Em abril deste ano, o Ministério do Interior alemão informou que o movimento dos negacionistas do coronavírus serão mantidos nacionalmente sob vigilância pelo Departamento de Proteção à Constituição da Alemanha (BfV), o serviço de inteligência interno do país. O Conselho Central dos Judeus da Alemanha – vítimas do holocausto – saudou a decisão, dizendo que se tornou “urgentemente necessária”, dada a influência da extrema direita no movimento de protesto. “Esse desenvolvimento deve ser interrompido a todo custo”, disse o presidente do conselho, Josef Schuster.
Durante a entrevista, Bolsonaro voltou a fazer o que fez recentemente em discurso na ONU, defendeu o chamado tratamento precoce, com medicamentos hoje comprovadamente ineficazes contra a Covid-19. Disse que “pagou um alto preço” por essa defesa. Na ONU ele usou como exemplo de sua charlatanice bem sucedida o fato dele mesmo ter contraído a doença e ter se medicado com cloroquina. Lá também ele repetiu que não iria obrigar ninguém a se vacinar. Na verdade, se dependesse apenas dele, o que seria obrigatório era não tomar a vacina.

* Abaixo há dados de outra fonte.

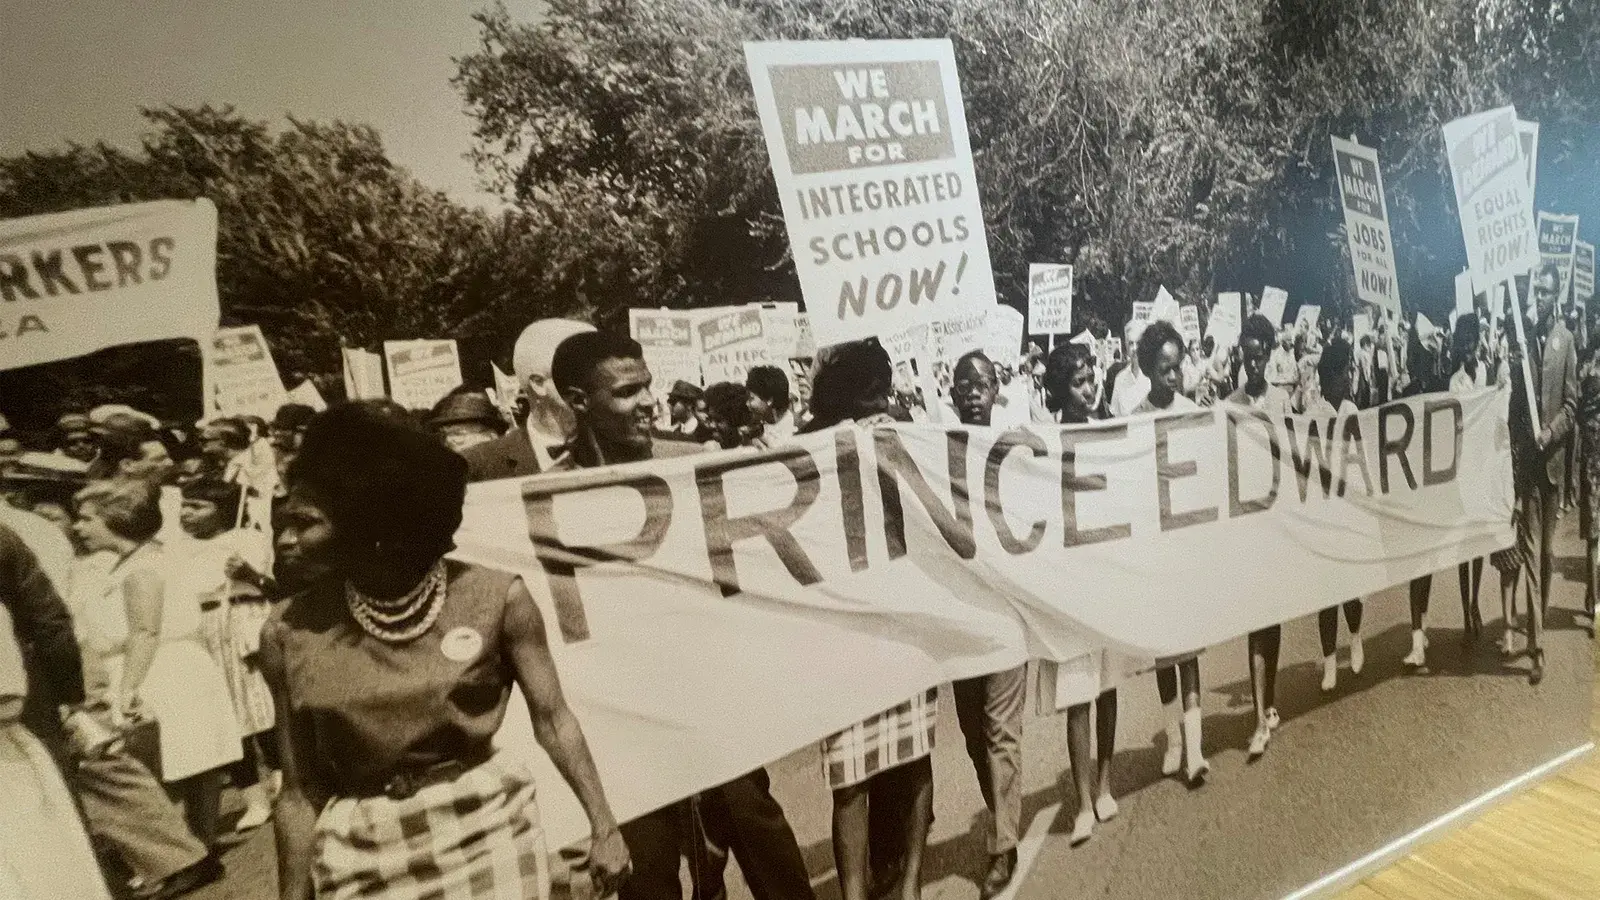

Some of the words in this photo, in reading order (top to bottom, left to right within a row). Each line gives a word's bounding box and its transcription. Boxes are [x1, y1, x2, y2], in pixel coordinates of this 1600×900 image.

[834, 69, 890, 99] WE
[795, 100, 940, 147] MARCH
[848, 142, 907, 164] FOR
[1350, 157, 1364, 178] WE
[797, 171, 962, 221] INTEGRATED
[1343, 174, 1380, 204] MARCH
[1474, 187, 1522, 222] EQUAL
[809, 215, 970, 266] SCHOOLS
[1353, 222, 1386, 253] JOBS
[1477, 209, 1528, 247] RIGHTS
[1541, 232, 1572, 246] MARCH
[1483, 229, 1530, 275] NOW!
[837, 251, 969, 321] NOW!
[1361, 269, 1393, 300] NOW!
[709, 352, 729, 366] AN
[735, 349, 768, 364] FEPC
[522, 423, 1132, 644] PRINCE
[1155, 398, 1463, 532] EDWARD

Bem à vontade entre os simpatizantes do nazismo alemão, Bolsonaro voltou a atacar a China. Mentiu que a CoronaVac, vacina produzida pela empresa chinesa Sinovac em parceria com o Instituto Butantan, de São Paulo, é uma vacina experimental. Afirmou que não pode obrigar as pessoas a participar de uma “experiência”. O imunizante, um dos principais usados no Brasil, na verdade, tem autorização da Agência Nacional de Vigilância Sanitária (Anvisa) para uso emergencial e já teve sua eficácia e segurança comprovadas em testes abrangentes.
Ele disse também que houve fraude nas eleições norte-americanas que elegeram o democrata Joe Biden, e fez mais uma defesa do voto impresso para urnas eletrônicas. “As informações que temos das eleições nos Estados Unidos é que as pessoas votaram mais de uma vez pelo Correio. Chegaram notícias de que algo errado aconteceu nas eleições americanas”, afirmou o puxa-saco de Trump, apesar de vários processos e recontagens terem demonstrado que isso não ocorreu.

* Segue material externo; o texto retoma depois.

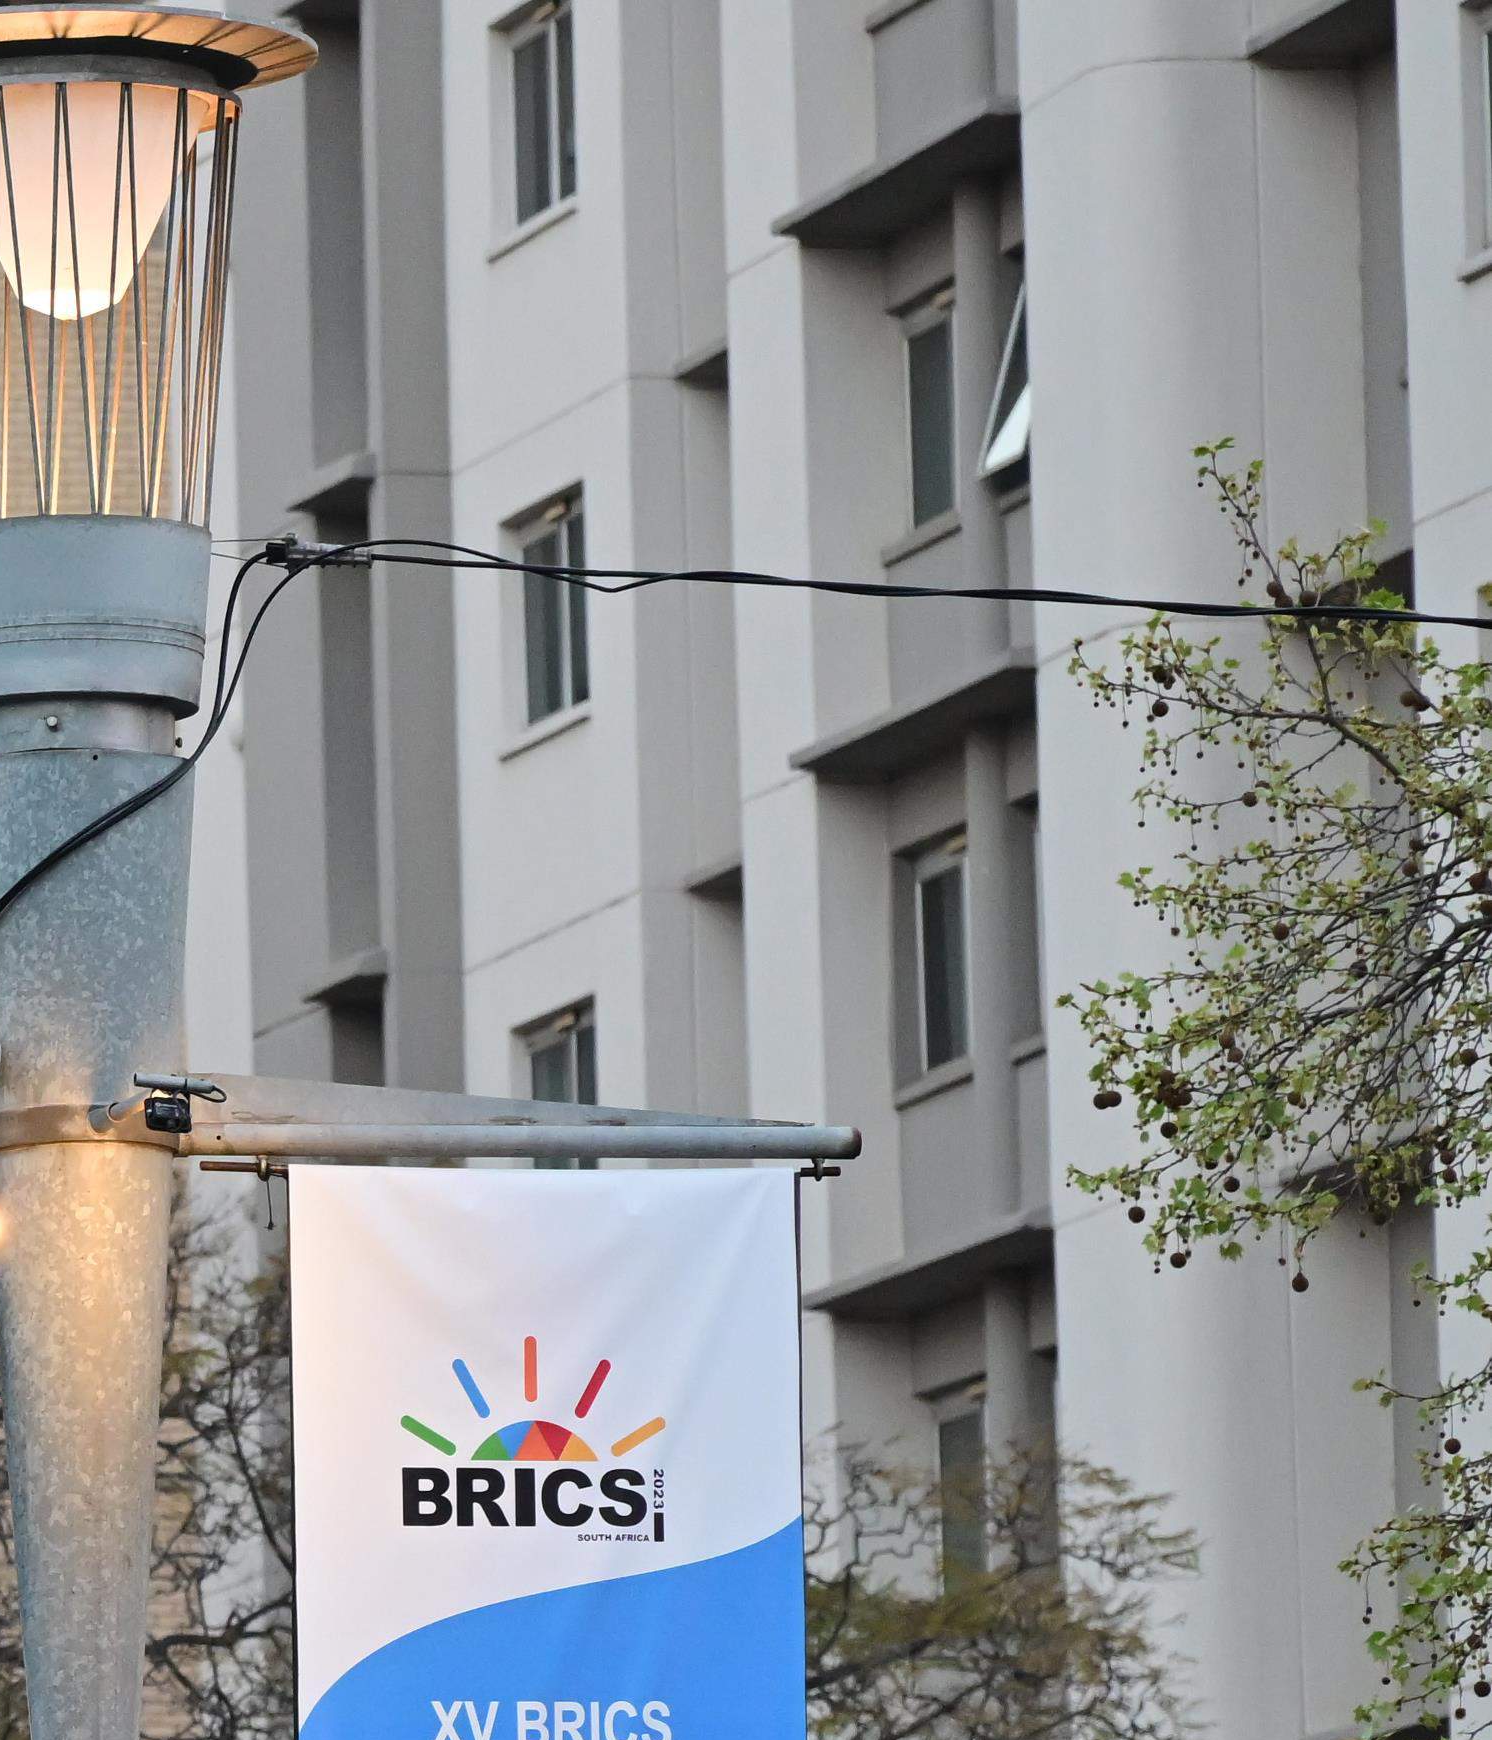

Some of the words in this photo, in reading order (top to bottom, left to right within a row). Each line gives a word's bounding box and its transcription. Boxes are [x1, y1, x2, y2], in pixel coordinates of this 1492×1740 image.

[401, 1467, 648, 1528] BRICS
[653, 1468, 665, 1510] 2023
[577, 1533, 612, 1542] SOUTH
[614, 1533, 650, 1542] AFRICA
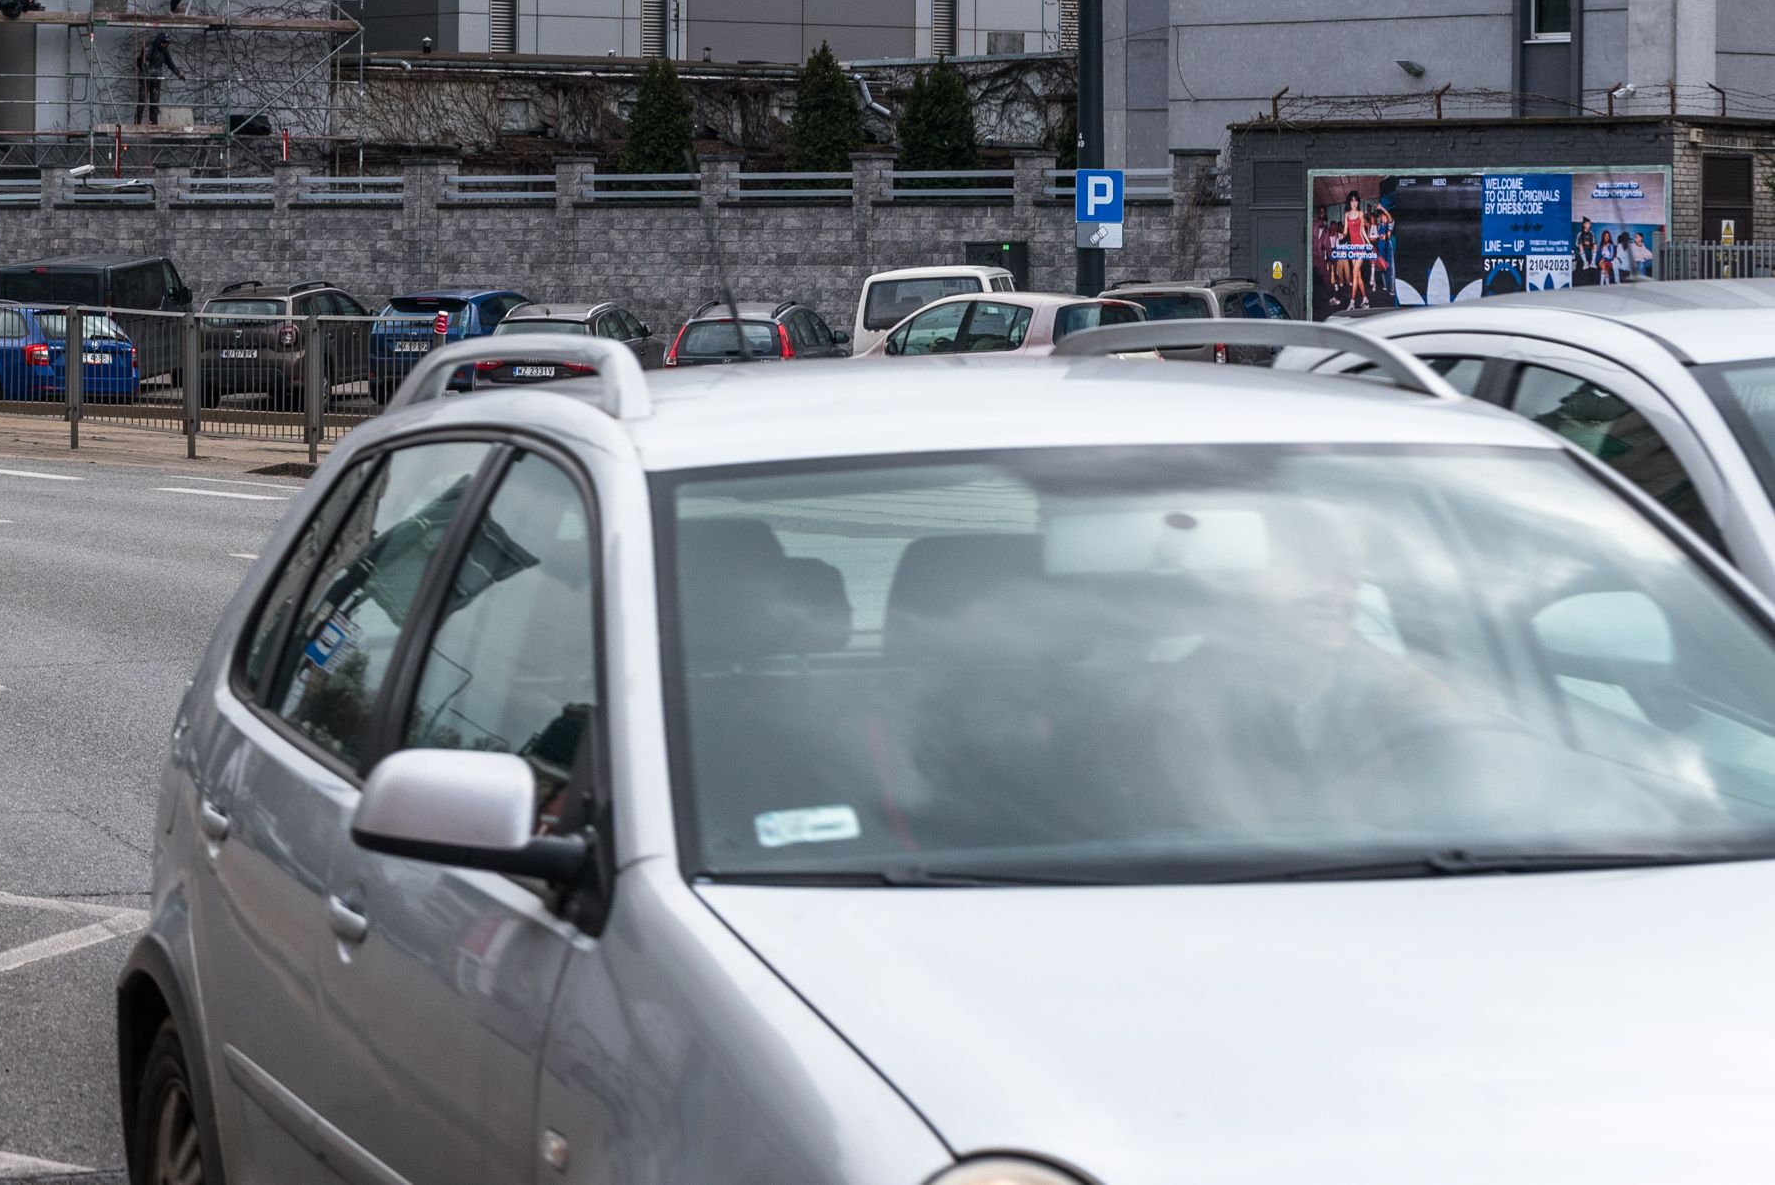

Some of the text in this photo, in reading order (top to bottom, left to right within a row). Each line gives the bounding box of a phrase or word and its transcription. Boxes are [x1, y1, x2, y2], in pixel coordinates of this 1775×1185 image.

[1485, 178, 1524, 190] WELCOME
[1088, 176, 1114, 216] P
[1485, 190, 1560, 202] TO CLUB ORIGINALS
[1611, 189, 1643, 198] Originals
[1485, 203, 1494, 214] BY
[1484, 240, 1502, 252] LINE
[1513, 240, 1524, 252] UP
[1348, 251, 1377, 259] Originals
[1530, 259, 1569, 271] 21042023

Depois de falar dos EUA, ele voltou a deixar no ar que pode não reconhecer o resultado das eleições no Brasil. “Mas, deixando de lado essa questão americana, nossa preocupação é que temos dois relatórios da Polícia Federal mostrando que o sistema [brasileiro] não é aberto a auditorias. E o presidente do TSE é contrário a qualquer mudança”, afirmou, contrariando novamente o fato de que o sistema de votação brasileiro é transparente e auditável. Defendido por Bolsonaro, o projeto de voto impresso pela urna eletrônica foi rejeitado pelo Congresso Nacional.